Problem to solve: Each record should reappear exactly in your answer, minus any picture.

(Dataset entries)

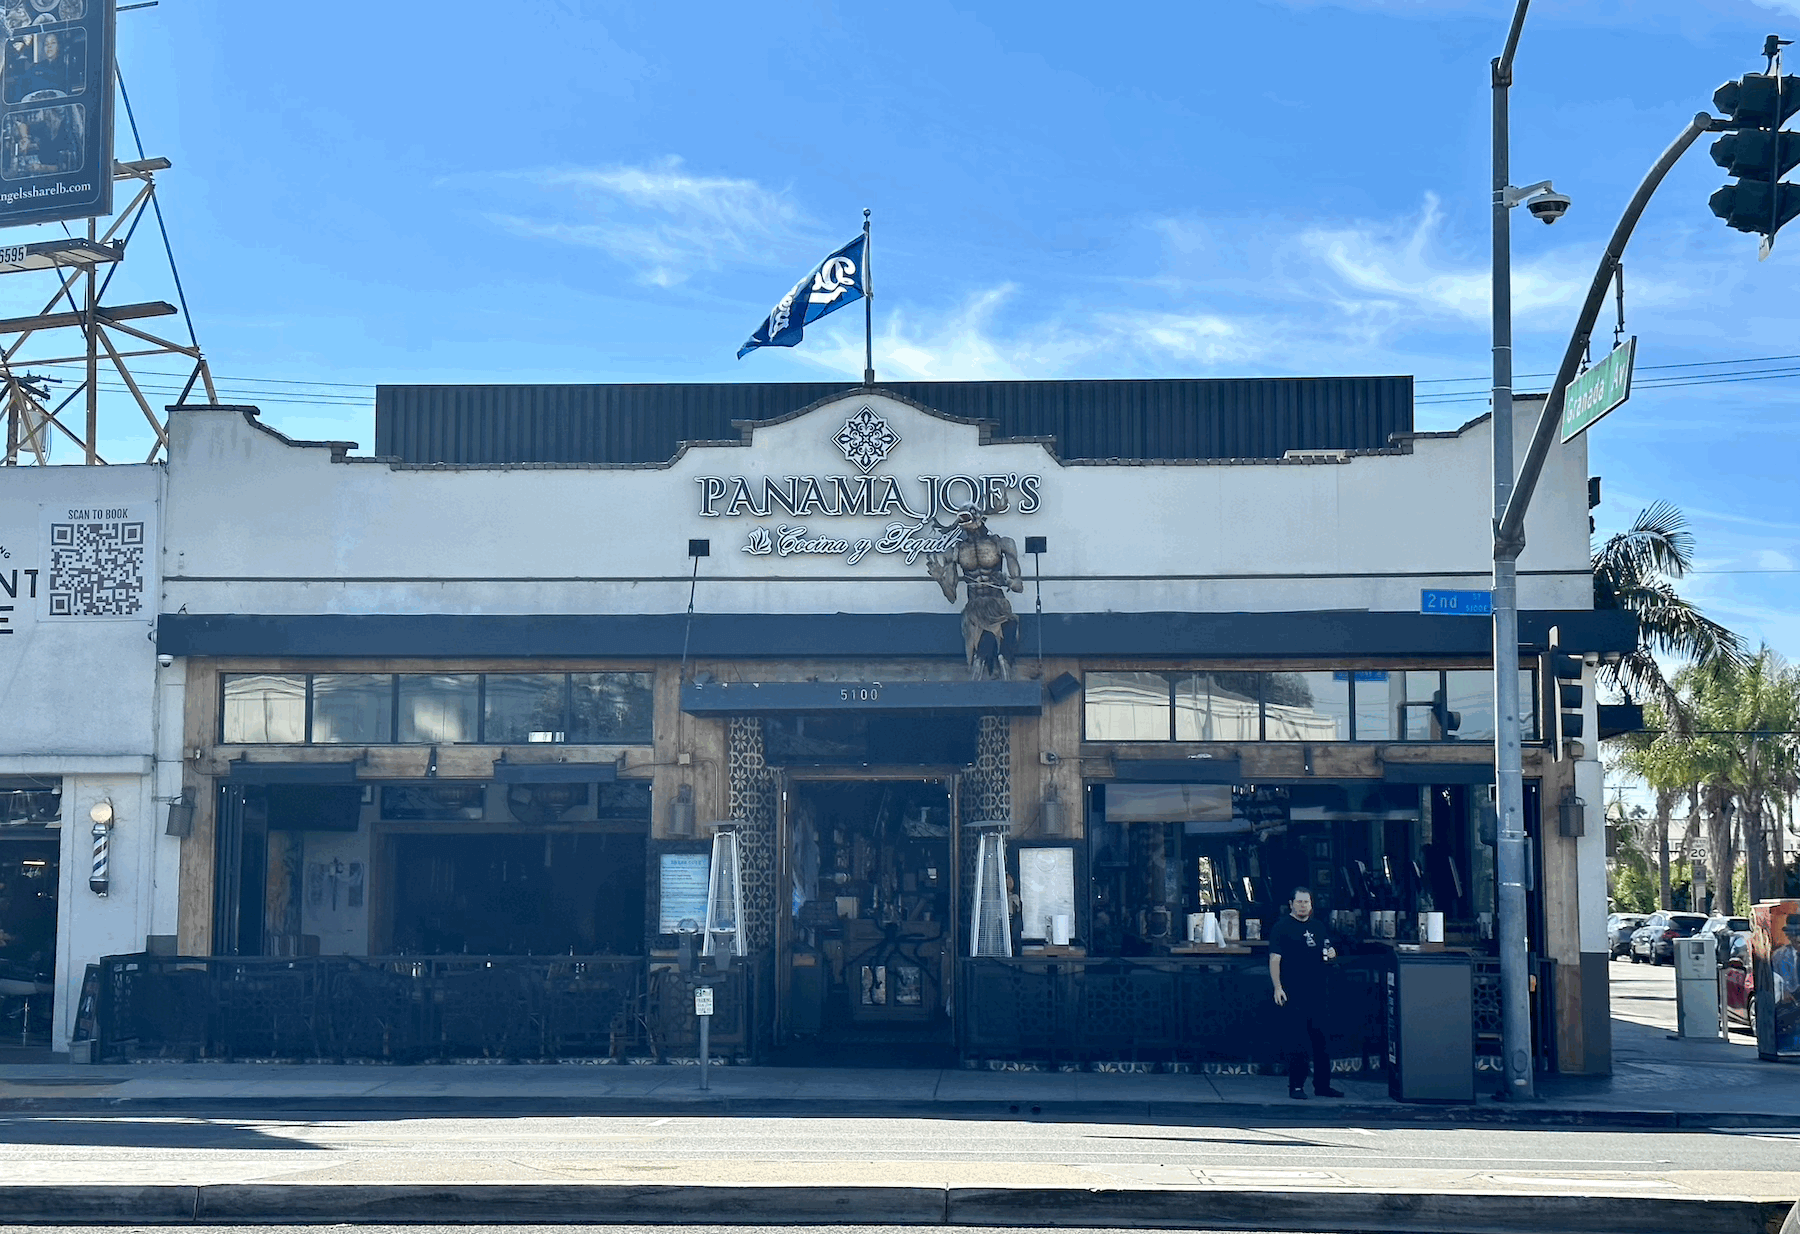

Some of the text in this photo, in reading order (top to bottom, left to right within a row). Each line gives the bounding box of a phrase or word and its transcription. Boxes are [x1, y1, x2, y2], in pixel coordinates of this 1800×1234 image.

[0, 182, 91, 204] ngelssharelb.com
[694, 472, 1042, 523] PANAMA JOE'S
[68, 508, 128, 520] SCAN TO BOOK
[777, 522, 963, 565] Cocina y Tequil
[1427, 593, 1458, 609] 2nd
[840, 688, 879, 701] 5100
[1690, 848, 1706, 858] 20
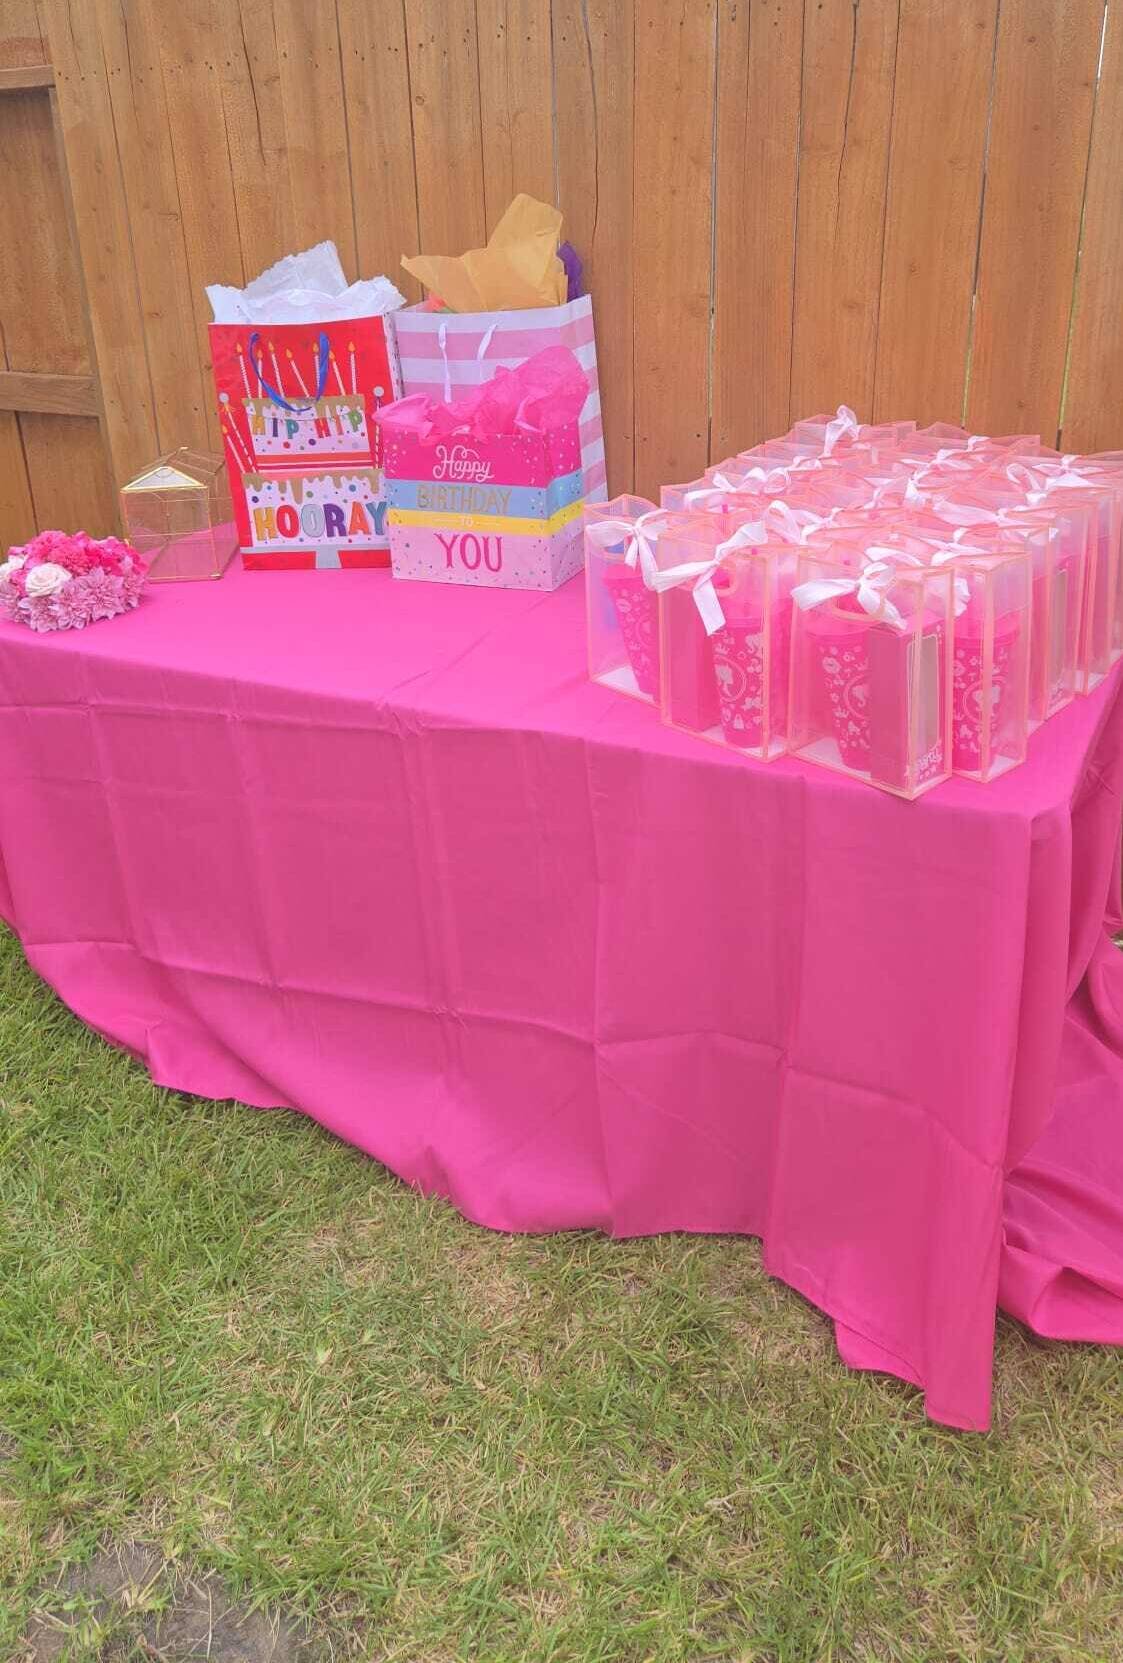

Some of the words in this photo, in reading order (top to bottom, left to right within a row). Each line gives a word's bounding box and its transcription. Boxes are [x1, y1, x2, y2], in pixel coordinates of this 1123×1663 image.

(End Dataset entries)

Task output:
Some of the text in this photo, in reading order (top to bottom, left to right within a row). Each line gives the bounding box of a phrase or word and its transcription. Boxes are [x1, y1, x2, y2], in pixel coordinates of this 1800×1234 image.

[0, 182, 91, 204] ngelssharelb.com
[694, 472, 1042, 523] PANAMA JOE'S
[68, 508, 128, 520] SCAN TO BOOK
[777, 522, 963, 565] Cocina y Tequil
[1427, 593, 1458, 609] 2nd
[840, 688, 879, 701] 5100
[1690, 848, 1706, 858] 20

Some of the words in this photo, in reading order (top to bottom, left to right within a row). Each line gives a word's bounding box and its transcription. Boxes are [x1, y1, x2, y2], in pixel coordinates of this 1123×1663 image.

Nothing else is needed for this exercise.